About sunset a detail of fifty men from the Thirteenth were sent out in front to establish a skirmish line in connection with the troops on the right and left, at a point just beyond the Emmitsburg pike, about midway of the plain between the armies, on the ground over which Pickett made his charge.

Illustration by graves, of wounded men

I, with other officers, was detailed to take fifty men of my regiment and establish a skirmish line in connection with the troops on our right and left, at a rail fence beyond the Emmitsburg pike, and about midway of the plain, over which Pickett’s charge had taken place.  As this line made its way to its destination through the trampled and unmown grass, we often stumbled over dead bodies, and were exhorted by the wounded who had life enough to peak, “For God’s sake don’t step on us!” or to give them a drink of water, or to turn them over, or other like entreaties.  Though strict orders had been given to pay no attention to the wounded, with an explanation that the stretcher-bearers would follow the skirmish line, still flesh and blood could not refuse these offices, even to our late enemies.  

The thought came to me of my own comrades, wounded two days before on Seminary Ridge, who must have asked the same favors of them.  I also had a feeling of admiration for these brave men who had composed that charging party of  17,000 men marching close en masse,  and who closed up the gaps as our solid shot and shell ploughed through their ranks, and who still came on so magnificently that they almost deserved success, even in a bad cause.  Arriving at the rail fence, we saw beyond a pile of dead and wounded, struck as they exposed themselves clambering over, while on the charge.  A scattering fire had annoyed us as we advanced, but no determined effort was made to stop us.
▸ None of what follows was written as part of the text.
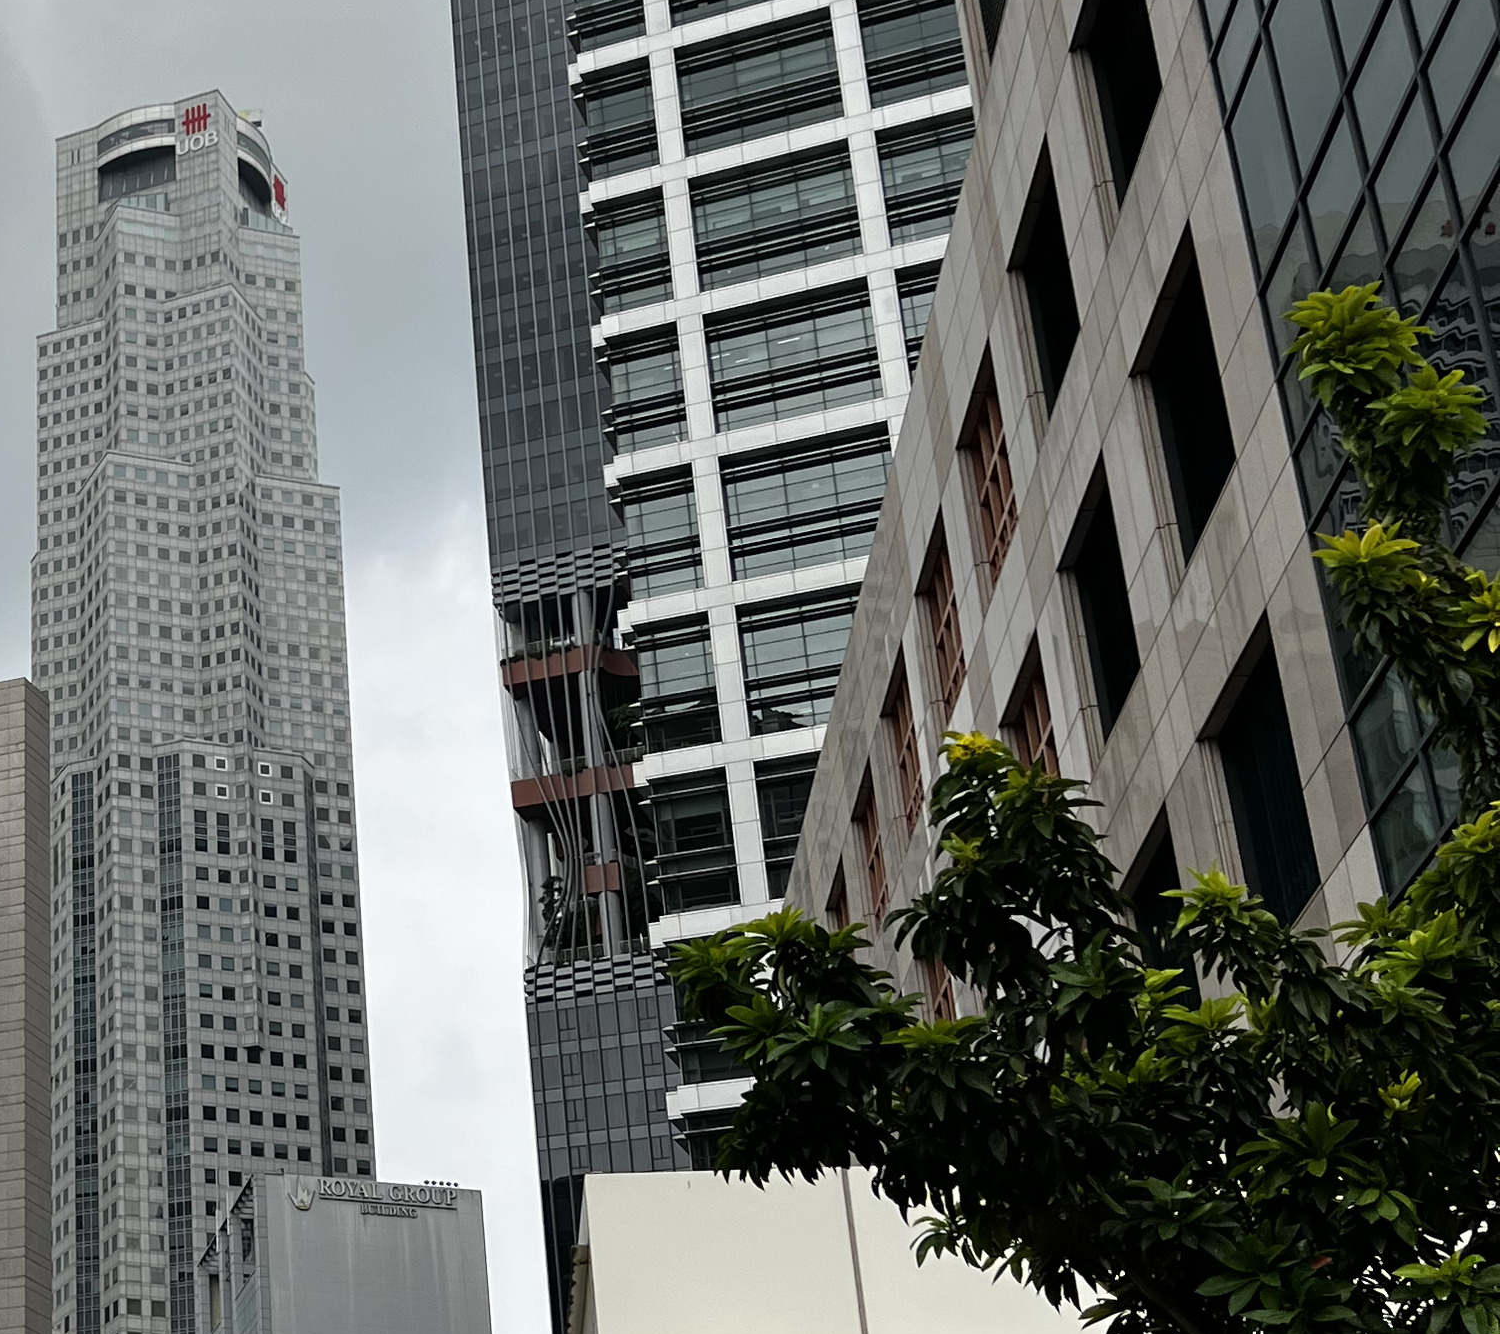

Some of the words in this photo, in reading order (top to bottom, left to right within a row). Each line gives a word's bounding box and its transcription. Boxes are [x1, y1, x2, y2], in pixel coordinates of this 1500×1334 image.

[176, 130, 219, 156] UOB
[318, 1179, 383, 1200] ROYAL
[389, 1184, 457, 1206] GROUP
[360, 1202, 418, 1218] BUILDING
From the rebel line beyond, in the darkness we could hear the sound of chopping and driving stakes in the ground; and this was intermingled with groans and shrieks of the wounded and dying, all around us. Indeed, neither time nor inclination will allow me to describe the horrors of that night.  At 11 o’clock a detail of surgeons and assistants from our line came out, giving the wounded, so far as I could learn, not much but morphine.  Edwin Forbes Illustration, "After the Battle"One wounded man would pass the word along to another, who begged for it to drown his sufferings. I arranged with an officer of the Ninety-fourth New York to call him when it was time for his relief to go on, and he showed me where he was going to lie down with one of his men on the same “relief,” he wishing to get a little sleep.  When the time came for me to call him I groped around and found him.  On awakening he began to shake his blanket companion and told him to get up, it was time for their “relief” to go on duty.  He could not start him, and greatly surprised were both of us when we discovered that he had made a mistake in the darkness, and had been sharing his blanket and sleeping beside the body of a dead rebel.

  This whole night a wounded and probably insane rebel, in the rear of the skirmish line, walked back and forth like a sentinel, singing religious hymns, in a clear, calm voice, and paid no attention to requests to keep quiet.  We rejoined the regiment at daylight.